Published : 05 Oct 2025, 01:07 AM
Veteran Language Movement activist and researcher Ahmed Rafiq had been unable to live a normal life for nearly three of his final years.
With fading eyesight and declining mobility, the 96-year-old had to lean on others for support in his final chapter -- among them was Abul Kalam, who had stood by him for more than three decades.
Like a shadow, Kalam stayed with Rafiq through days and nights, attending to his every need. At times, he even assisted with his writing.
From him, a picture emerges of the twilight years of a man once fiercely active in intellectual and cultural movements, but who spent his last days in solitude.
“I’d been with him for 36 years,” said Kalam. “He wasn’t doing well in the end. For the last three years, he was very ill. He couldn’t see, he couldn’t write. Not being able to write made him restless, deeply frustrated.”
“He’d dictate parts to me, and I’d write. But you can’t match him -- listening and writing doesn’t come out the way he’d have done it.

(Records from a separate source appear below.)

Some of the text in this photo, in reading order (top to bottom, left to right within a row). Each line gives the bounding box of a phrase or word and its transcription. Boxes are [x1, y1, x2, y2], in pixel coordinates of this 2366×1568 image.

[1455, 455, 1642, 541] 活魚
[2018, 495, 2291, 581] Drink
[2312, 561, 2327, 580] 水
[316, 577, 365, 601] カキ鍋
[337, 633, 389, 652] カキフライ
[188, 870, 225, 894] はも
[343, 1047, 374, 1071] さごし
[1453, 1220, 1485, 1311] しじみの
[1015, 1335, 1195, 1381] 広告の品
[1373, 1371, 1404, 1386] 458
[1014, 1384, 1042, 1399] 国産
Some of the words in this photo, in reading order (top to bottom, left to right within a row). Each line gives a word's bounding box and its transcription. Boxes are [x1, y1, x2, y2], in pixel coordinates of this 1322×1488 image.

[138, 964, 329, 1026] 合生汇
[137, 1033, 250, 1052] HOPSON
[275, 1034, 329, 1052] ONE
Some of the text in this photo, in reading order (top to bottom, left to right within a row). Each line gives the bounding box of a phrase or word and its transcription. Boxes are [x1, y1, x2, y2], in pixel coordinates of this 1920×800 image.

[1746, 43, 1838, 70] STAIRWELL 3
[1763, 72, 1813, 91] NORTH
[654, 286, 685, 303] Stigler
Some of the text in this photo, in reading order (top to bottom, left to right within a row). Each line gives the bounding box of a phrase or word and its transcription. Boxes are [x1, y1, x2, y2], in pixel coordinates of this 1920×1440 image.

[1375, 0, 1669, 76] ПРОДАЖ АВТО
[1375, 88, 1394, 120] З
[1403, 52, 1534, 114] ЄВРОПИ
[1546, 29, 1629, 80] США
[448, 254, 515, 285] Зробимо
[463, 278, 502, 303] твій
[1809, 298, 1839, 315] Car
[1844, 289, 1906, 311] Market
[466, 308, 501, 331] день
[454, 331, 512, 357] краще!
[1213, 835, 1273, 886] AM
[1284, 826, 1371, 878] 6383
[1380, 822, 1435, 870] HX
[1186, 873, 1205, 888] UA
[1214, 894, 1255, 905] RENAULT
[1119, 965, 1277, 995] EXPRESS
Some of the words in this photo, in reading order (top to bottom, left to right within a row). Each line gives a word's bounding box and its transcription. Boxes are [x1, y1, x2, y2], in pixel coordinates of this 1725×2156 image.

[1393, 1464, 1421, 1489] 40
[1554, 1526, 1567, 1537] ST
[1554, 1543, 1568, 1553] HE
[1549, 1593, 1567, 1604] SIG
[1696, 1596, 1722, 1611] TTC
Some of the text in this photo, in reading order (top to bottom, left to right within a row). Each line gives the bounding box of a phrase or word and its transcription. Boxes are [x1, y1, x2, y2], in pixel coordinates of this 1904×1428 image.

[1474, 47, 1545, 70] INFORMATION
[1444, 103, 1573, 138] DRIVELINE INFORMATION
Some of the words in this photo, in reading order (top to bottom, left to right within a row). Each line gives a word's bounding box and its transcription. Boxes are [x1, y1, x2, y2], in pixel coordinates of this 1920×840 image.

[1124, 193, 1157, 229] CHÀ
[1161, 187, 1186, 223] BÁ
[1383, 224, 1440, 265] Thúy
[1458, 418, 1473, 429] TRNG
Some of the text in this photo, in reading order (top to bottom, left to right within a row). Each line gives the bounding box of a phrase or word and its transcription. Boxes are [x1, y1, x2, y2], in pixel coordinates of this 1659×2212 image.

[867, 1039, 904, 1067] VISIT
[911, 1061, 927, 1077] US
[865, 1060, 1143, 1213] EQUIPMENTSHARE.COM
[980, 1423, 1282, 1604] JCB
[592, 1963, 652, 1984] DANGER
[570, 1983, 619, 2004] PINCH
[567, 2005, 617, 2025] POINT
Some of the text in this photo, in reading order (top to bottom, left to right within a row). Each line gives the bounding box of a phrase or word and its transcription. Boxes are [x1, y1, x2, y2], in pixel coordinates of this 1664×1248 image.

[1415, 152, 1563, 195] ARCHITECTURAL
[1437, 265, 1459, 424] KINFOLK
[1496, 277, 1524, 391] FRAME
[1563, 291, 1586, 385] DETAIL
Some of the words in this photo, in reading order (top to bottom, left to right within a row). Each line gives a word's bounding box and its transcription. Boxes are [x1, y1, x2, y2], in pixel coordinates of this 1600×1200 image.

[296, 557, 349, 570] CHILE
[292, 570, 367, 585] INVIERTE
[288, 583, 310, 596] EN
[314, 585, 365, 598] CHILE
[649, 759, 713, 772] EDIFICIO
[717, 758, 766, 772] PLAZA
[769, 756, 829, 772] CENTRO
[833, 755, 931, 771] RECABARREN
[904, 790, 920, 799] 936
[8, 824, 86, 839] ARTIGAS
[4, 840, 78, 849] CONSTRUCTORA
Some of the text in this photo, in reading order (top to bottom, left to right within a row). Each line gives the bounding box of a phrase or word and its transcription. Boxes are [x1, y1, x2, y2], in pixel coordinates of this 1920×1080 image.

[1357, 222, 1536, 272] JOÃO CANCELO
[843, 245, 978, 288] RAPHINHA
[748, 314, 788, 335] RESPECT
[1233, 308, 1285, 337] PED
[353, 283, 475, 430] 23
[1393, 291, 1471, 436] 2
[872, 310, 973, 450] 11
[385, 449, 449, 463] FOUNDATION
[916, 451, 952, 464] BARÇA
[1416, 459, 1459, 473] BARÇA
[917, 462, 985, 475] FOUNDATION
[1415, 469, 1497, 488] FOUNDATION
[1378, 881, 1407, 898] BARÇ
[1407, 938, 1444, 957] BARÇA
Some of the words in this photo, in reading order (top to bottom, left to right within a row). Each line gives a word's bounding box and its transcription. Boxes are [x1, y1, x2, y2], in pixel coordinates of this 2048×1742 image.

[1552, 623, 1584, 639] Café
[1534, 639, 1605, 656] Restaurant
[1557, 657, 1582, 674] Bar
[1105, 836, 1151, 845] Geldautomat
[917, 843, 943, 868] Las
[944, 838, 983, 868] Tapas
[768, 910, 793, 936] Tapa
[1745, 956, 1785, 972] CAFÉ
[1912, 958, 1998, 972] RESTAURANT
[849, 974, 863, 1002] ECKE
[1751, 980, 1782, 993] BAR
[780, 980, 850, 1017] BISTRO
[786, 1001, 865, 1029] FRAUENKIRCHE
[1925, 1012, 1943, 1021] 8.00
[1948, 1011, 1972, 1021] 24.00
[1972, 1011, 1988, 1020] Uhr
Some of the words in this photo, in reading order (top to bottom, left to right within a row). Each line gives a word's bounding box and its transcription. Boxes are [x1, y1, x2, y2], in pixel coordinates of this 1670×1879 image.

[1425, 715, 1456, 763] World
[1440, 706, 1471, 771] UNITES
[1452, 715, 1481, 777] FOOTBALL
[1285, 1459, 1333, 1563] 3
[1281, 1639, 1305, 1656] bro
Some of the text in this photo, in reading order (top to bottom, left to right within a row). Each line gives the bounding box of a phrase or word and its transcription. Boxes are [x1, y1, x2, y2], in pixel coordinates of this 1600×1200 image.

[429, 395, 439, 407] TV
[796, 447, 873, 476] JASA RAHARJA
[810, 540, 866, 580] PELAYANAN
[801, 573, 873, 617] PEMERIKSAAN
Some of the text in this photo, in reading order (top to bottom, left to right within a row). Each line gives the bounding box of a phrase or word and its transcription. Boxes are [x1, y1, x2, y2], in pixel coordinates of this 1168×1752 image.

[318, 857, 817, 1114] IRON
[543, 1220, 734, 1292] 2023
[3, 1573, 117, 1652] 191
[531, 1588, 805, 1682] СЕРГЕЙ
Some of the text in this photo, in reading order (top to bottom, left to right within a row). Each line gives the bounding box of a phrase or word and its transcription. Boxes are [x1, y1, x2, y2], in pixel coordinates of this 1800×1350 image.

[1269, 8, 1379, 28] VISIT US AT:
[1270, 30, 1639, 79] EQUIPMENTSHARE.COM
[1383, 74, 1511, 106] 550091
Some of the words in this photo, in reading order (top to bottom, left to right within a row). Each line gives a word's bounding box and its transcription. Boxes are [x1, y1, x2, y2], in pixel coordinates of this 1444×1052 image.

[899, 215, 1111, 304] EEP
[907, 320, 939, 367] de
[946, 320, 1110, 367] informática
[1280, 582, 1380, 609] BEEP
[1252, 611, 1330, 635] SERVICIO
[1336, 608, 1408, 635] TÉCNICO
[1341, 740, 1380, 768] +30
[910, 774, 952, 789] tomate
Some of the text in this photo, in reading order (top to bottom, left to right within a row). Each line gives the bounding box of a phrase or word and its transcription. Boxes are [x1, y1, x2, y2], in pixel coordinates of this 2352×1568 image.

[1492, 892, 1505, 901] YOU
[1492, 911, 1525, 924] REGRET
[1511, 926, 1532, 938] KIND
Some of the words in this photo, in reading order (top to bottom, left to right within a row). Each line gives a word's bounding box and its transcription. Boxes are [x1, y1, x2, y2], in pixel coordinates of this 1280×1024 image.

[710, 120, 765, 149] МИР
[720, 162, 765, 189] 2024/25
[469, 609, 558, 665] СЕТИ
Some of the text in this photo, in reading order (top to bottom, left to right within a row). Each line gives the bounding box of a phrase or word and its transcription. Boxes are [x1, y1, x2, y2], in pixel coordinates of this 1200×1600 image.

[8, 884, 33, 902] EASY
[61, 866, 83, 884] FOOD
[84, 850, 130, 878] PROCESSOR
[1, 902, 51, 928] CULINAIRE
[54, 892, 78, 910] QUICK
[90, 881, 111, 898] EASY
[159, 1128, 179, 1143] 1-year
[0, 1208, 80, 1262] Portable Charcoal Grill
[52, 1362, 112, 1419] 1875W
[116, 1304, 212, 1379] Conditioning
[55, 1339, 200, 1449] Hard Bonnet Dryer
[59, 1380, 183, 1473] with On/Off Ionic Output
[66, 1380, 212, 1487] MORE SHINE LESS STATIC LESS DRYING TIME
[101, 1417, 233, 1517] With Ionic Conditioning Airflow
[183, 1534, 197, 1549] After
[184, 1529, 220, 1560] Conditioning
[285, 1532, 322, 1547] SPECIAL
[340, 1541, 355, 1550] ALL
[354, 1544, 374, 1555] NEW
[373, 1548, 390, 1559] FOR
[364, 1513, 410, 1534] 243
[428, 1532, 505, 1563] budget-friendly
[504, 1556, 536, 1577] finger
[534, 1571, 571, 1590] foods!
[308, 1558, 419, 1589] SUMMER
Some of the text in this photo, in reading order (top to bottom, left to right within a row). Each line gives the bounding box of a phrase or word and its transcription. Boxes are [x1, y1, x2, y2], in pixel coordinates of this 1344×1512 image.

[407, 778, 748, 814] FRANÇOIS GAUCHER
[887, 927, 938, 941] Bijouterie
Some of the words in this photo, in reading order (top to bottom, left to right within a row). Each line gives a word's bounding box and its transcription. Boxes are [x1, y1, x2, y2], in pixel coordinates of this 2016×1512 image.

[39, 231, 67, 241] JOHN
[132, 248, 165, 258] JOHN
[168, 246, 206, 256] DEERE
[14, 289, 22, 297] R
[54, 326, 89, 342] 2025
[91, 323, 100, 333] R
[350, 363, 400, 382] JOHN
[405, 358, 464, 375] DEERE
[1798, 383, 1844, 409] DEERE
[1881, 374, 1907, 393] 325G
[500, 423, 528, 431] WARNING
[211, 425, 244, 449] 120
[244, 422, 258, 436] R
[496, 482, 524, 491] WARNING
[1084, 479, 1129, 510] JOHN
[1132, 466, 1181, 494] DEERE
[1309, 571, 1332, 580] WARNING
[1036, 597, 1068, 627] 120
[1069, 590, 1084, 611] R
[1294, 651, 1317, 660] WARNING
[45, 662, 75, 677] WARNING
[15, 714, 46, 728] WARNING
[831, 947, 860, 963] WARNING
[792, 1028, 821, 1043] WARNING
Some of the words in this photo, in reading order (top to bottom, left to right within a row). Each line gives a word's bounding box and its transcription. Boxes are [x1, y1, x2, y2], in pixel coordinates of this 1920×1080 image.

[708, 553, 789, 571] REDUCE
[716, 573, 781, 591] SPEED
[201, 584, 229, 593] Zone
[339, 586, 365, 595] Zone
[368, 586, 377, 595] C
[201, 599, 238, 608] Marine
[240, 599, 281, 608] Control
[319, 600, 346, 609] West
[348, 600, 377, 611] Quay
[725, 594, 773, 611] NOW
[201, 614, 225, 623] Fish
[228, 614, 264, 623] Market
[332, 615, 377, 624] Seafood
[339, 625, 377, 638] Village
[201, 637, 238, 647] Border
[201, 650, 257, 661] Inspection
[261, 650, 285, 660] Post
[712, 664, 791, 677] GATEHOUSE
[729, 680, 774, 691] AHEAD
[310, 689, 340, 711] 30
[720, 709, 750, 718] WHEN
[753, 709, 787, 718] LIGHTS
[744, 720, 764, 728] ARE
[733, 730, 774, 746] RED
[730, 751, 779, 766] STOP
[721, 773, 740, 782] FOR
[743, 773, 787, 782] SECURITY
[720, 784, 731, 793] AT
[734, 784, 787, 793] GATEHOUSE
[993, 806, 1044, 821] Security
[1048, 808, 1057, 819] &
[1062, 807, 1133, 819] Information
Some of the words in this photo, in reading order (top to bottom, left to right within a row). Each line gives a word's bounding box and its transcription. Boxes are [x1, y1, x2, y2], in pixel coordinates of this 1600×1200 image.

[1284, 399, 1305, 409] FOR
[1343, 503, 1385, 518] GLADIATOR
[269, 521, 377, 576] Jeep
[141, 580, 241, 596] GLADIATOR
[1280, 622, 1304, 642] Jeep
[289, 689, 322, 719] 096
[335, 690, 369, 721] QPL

So he wouldn’t be happy with it. The fact that he couldn’t write with his own hand, that really upset him.”
Kalam shared these reflections beside Rafiq’s coffin at the Central Shaheed Minar on Saturday, where people from all walks of life came to pay their respects to the revered thinker, who passed away at BIRDEM hospital on Thursday.
Rafiq, who had lost his wife in 2006 and had no children, was largely alone in his later life. But Kalam, now in his sixties, had never left his side.
Hailing from Shariatpur, Kalam once worked as a driver for Orion Group -- where Rafiq held a senior position. Their professional paths crossed there, forming a bond that lasted beyond the workplace.
“Even after Rafiq left Orion, he didn’t let me go. I kept working for him even while at Orion, and when he moved on, he took me with him,” Kalam said.
“He told me ‘Kalam, stay with me. Whatever you need to support your family, I’ll make sure you get it’. After that, I never left. He cared for me. I couldn’t leave him either. I was bound by affection. He was such a good man.”
Despite Rafiq’s towering stature as a public intellectual, in his final years very few people kept in touch regularly. Even family members rarely visited, Kalam said.